Dr. Hilger added that there’s also the concept of maintenance of certification. Certifying boards are focusing on improving outcomes in your practice and being able to demonstrate this for recertification. A correlation to that is that over the next couple of years, states are going to a maintenance of licensure program that will use some of the same criteria we use for certification.
While the trend to improve and measure quality of care has been championed in recent years by the government, payers, providers, and patients, some surgeons may see Dr. Rhee’s Skin Cancer Index as promising but not yet validated.
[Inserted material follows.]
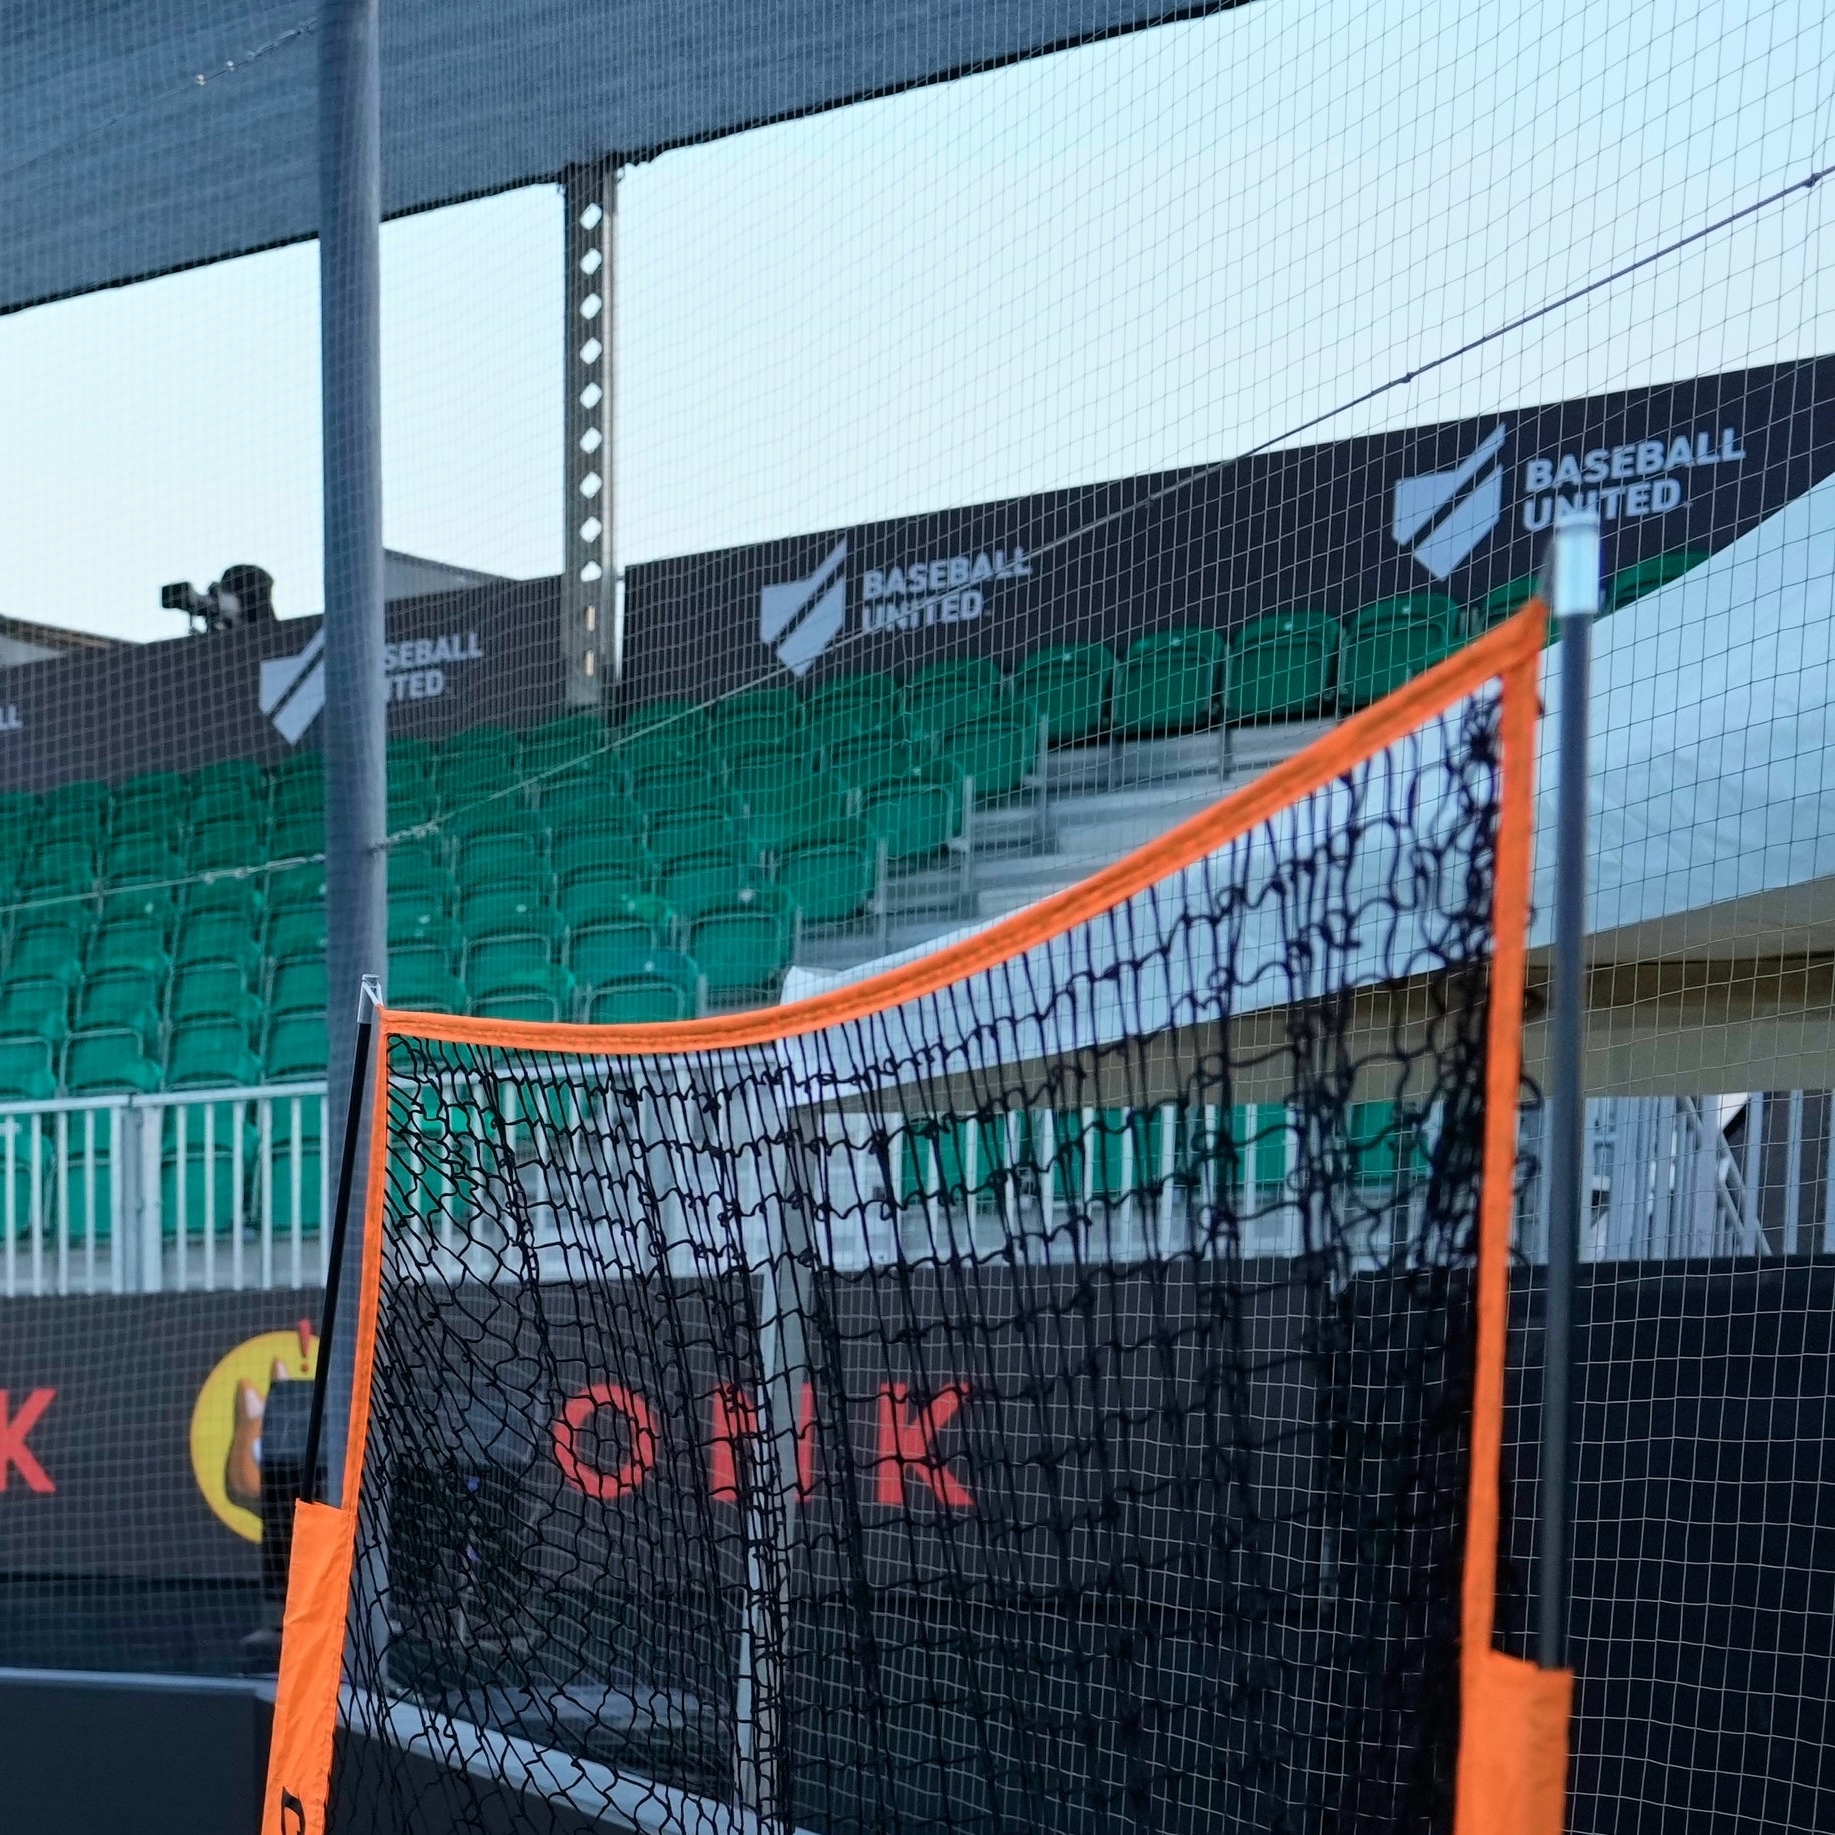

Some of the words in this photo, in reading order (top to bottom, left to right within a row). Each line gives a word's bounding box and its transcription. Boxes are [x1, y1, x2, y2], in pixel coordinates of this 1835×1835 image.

I can see how it has some application in the future, but these are very preliminary findings, said Ira D. Papel, MD, Associate Professor at Johns Hopkins University and a member of the Facial Plastic Surgicenter in Pikesville, MD.
Noting that the purpose of the index is to develop normal values over time, Dr. Papel said that the researchers need to survey more than just a couple hundred people. This is something that has to be done over several thousand people over a lifetime. And then, when these values are developed, we may see new patients who fall outside of those normative values and may need some extra help.
Dr. Rhee said that he agrees with Dr. Papel in his assessment that this is just the beginning. We validated the instrument on a select subgroup of patients with NMSC. It is up to the larger scientific community to test it on other subgroups with NMSC. Though the Skin Cancer Index is a psychometrically validated QOL instrument, there is still a long way to go in terms of accumulating normative data and studying the breadth of the disease and its impact on patients.
For example, he added, we are using the Skin Cancer Index on a subgroup of patients with NMSC who are immunosuppressed due to previous solid organ transplantation. These patients have much more disease burden and potentially more serious consequences of the disease in terms of morbidity and mortality. It will be interesting to see how the index scores compare in this subgroup of higher-risk patients.
In the March 2007 issue of Laryngoscope, the researchers further explain their scoring system and describe how the preoperative responses of patients differed from their feelings postoperatively.